We keep our dead among us, buried in the fields.
We plough around their mounds;
noontimes, we lie in their shade, chatting.
The occasional spadeful keeps them with us.
In stubble days, goats climb their modest height.

Until in rain and forgetfulness,
a great-grandson's ox ploughs through,
and their bones return to ours.

And I replied:

I keep myself among my dead, their endtables and sofas.
I dust around their tchotchkes;
evenings, I lean against their cushions, chatting.
The occasional mending keeps them with me.
In troubled nights, ghosts strum my modest memories.

Until in a change of fashion's season
some great-granddaughter will plough through,
and donate all our love to charity.

Cumberland Poetry Review, vol. 17.1 (Fall 1997).

Second-place winner of Robert Penn Warren Poetry Competition

© Sarah Schneewind 1997

"Inspiration"

would leap,
I had thought,
faithfully onto my shoulder
and consecrate my ear
with wild imaginings in regulated verse.

Instead
it meanders down the driveway at a dignified distance
on careful paws
stopping now for a chew of blade,
now to doze in the shade of the barn

or it bleats indignantly,
butting against the fence
of my preoccupations

or shifts under my toes like the scant sand
or prods my feet sharply like the gravel
of this road

or, as it drives by,
waves politely from a beat-up pick-up
leaving me
in a shuffle of dust.

Cumberland Poetry Review 18.1 (Fall 1998)

© Sarah Schneewind 1998

"The Bride One Summer Evening"

Waiting for the grind of tires, barefoot,
not sure just where I ought to snip, or if,
his rose bushes long planted, long ignored,
I heard an unfamiliar cry and turned

to face the moon. It rose from ruddy clay,
uncanny, earthy, red, full, and so low
my shears could almost reach.
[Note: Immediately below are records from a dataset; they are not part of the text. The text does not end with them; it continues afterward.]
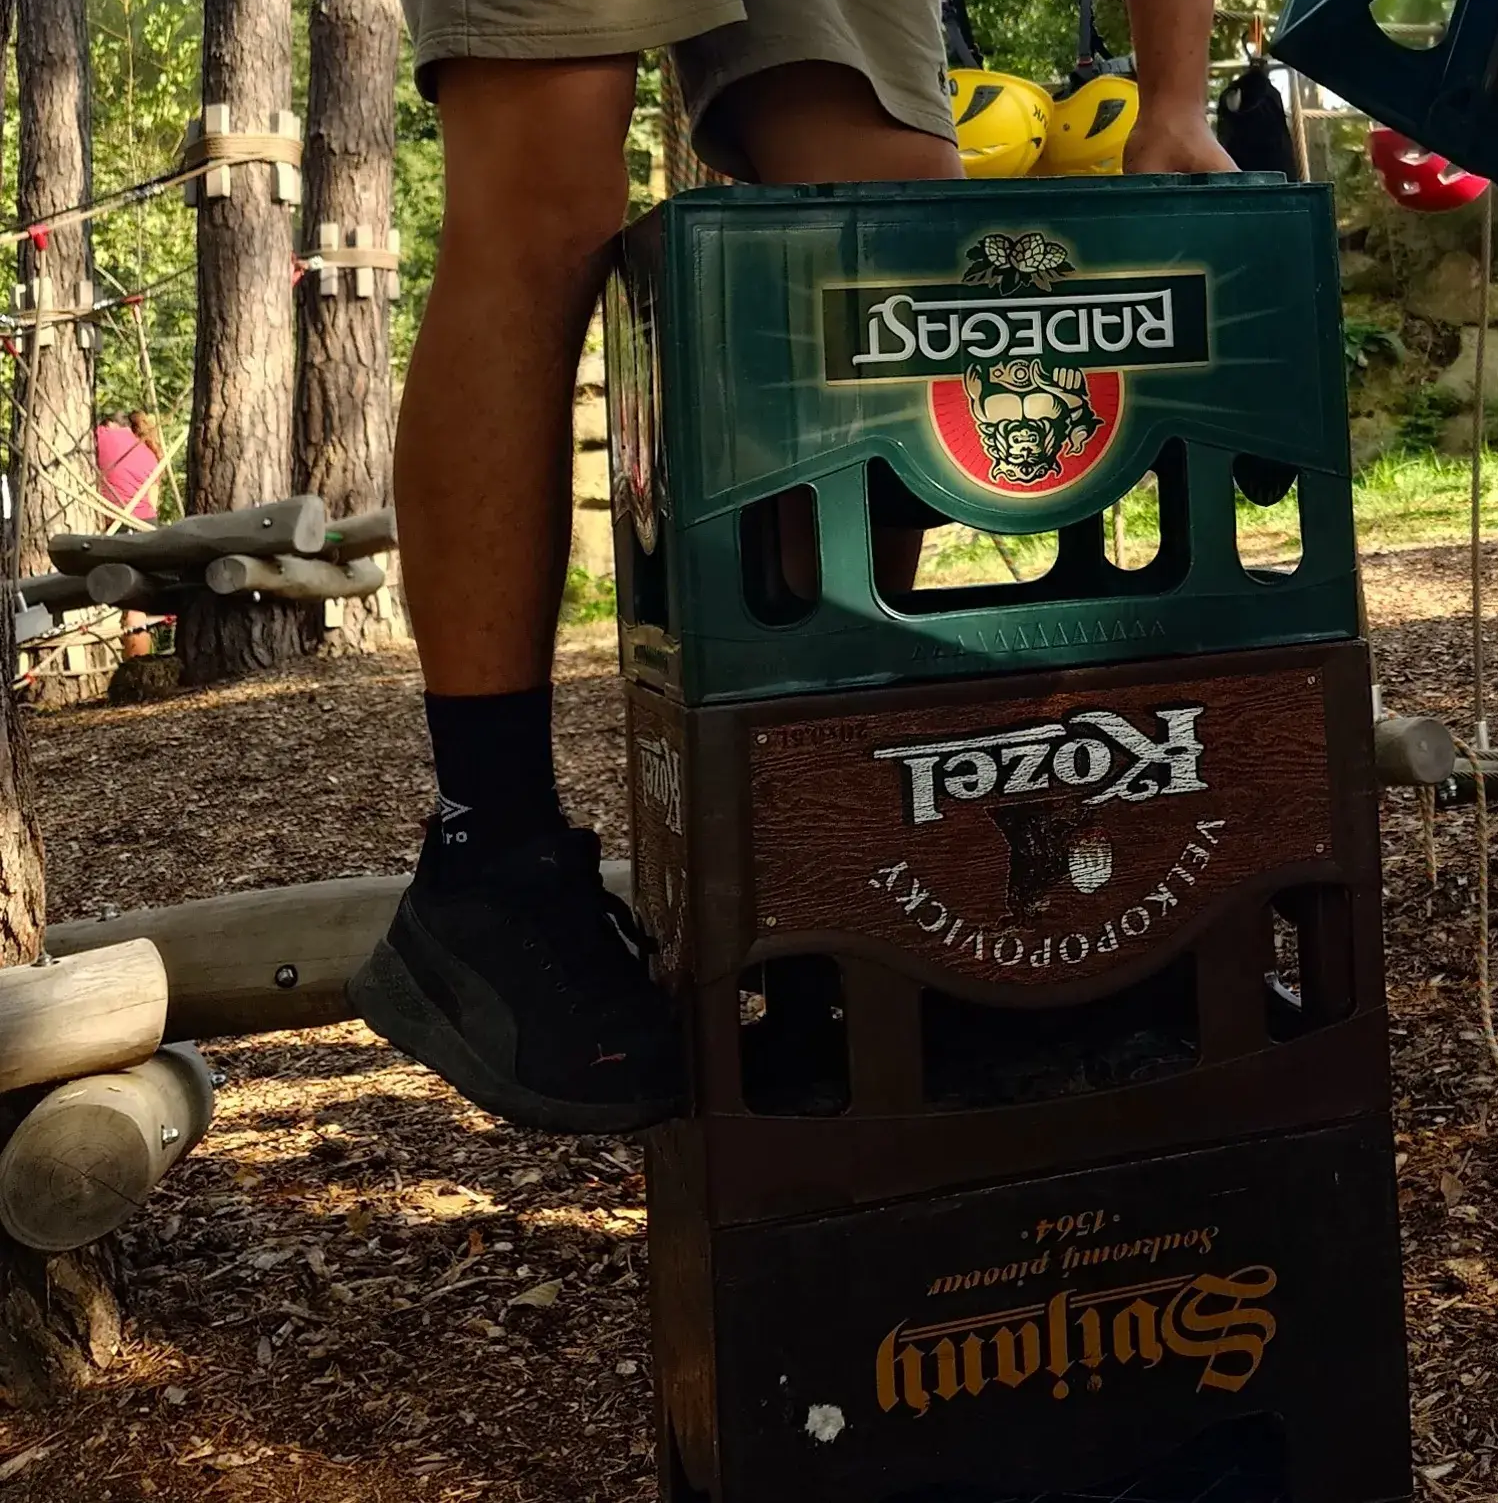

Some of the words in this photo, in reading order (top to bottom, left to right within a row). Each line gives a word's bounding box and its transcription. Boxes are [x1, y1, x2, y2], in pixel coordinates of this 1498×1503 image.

[852, 288, 1174, 365] RADEGAST
[874, 706, 1209, 825] Kozel
[926, 1250, 1053, 1298] pivovar
[1060, 1225, 1222, 1279] Soukromý
[876, 1264, 1278, 1419] Svijany
Instead I found
the perfect angle for those clean smooth cuts,

goodbyes to last year's unseen crimson blooms.
I severed thorny brown from green to let
red growth replace the woman I had been.
The moon still loomed orange above the pines,

but faded, before he got home, to white.
He said that whippoorwill could whoop all night.
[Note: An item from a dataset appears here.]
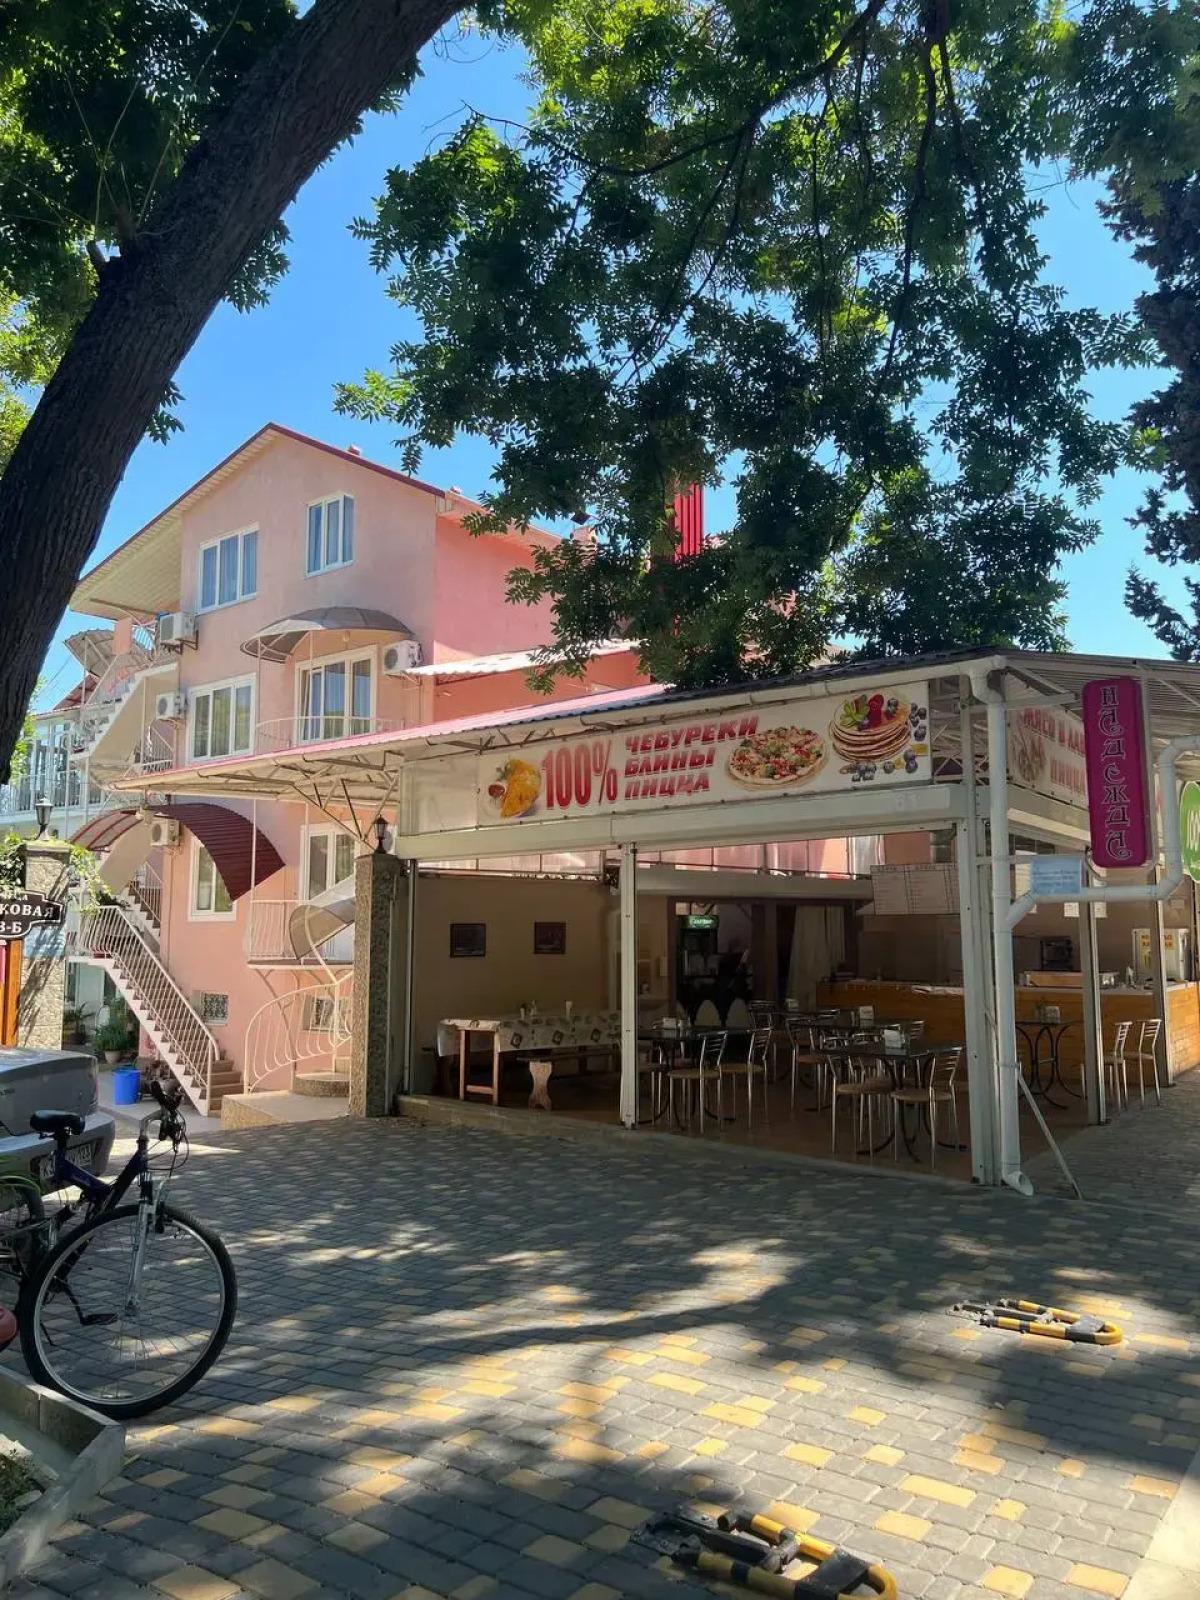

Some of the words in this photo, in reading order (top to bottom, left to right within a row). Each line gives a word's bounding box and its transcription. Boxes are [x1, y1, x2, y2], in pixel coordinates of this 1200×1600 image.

[625, 715, 760, 755] ЧЕБУРЕКИ
[541, 739, 619, 811] 100%
[625, 747, 717, 778] БЛИНЫ
[625, 772, 711, 800] ПИЦЦА
Cumberland Poetry Review 18.1 (Fall 1998)

© Sarah Schneewind 1998

"Minoan Gold"

Stalactites of honey; catacomb
of waxen hive where generous holy swarms
for centuries have worked in stony womb,

where fragrant humming air each morning warms
and melts for Cretan tongues the ancient stores
each one of us tastes of and never harms

as it seeps from mid-cliff through rocky pores.
So narrow-waisted bees, since Midas' day,
have sweetened this down-trodden people's chores.
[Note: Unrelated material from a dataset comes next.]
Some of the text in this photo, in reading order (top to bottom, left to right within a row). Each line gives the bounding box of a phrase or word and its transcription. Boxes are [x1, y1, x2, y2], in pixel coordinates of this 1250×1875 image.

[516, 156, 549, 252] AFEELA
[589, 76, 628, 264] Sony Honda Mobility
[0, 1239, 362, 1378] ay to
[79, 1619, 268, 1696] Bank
A sailor, once, scoffed at our Cretan way,
scaled the hill, and rapelled down to take
a vessel full to sell.

 Can insects pray?
The twisted cord became a hissing snake --
or so he shouted, fumbling with his sheath --
and swinging in air he slashed and fell, to break

in screams upon the flowering rock beneath.
Doge, Sultan, Führer: despoilers come
and leave. We live on what the gods bequeath.